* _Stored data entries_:
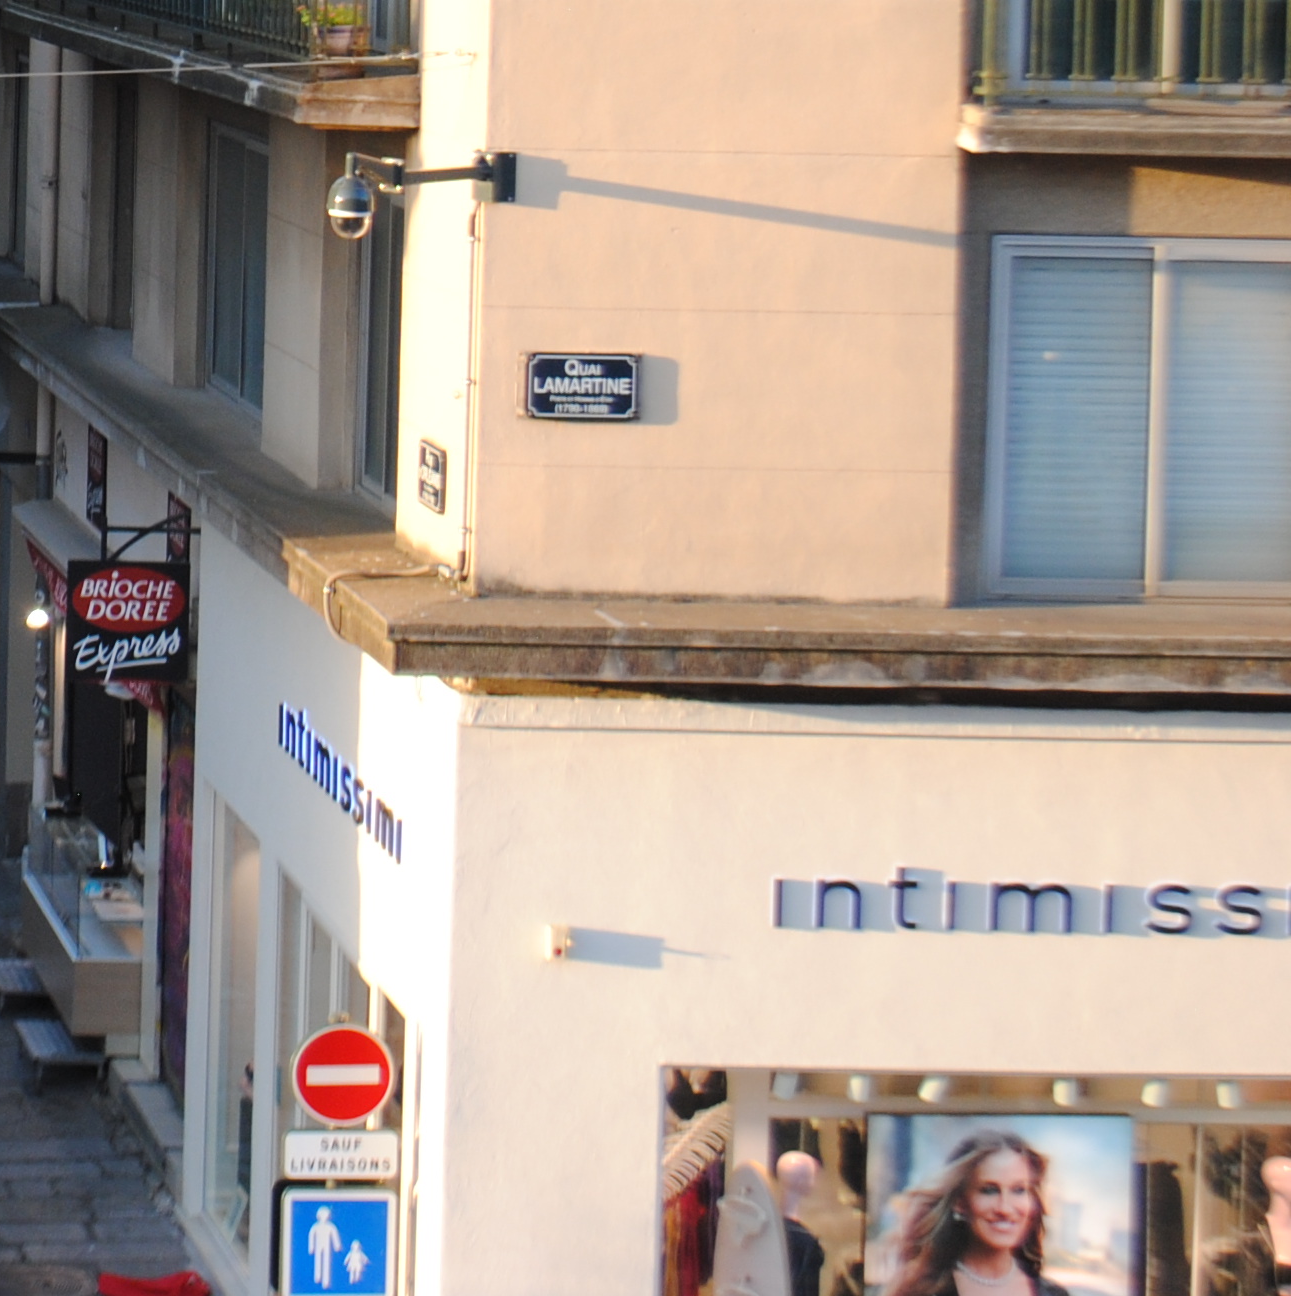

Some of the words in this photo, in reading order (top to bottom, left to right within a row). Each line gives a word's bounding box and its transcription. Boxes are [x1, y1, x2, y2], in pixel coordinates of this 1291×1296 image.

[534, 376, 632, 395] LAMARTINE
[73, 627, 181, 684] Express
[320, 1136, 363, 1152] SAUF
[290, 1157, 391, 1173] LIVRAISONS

* _Problem to work on_: What is needed is a verbatim copy of the entries, leaving out any pictures.

* _Answer_:
Some of the words in this photo, in reading order (top to bottom, left to right within a row). Each line gives a word's bounding box and its transcription. Boxes are [x1, y1, x2, y2], in pixel coordinates of this 1291×1296 image.

[534, 376, 632, 395] LAMARTINE
[73, 627, 181, 684] Express
[320, 1136, 363, 1152] SAUF
[290, 1157, 391, 1173] LIVRAISONS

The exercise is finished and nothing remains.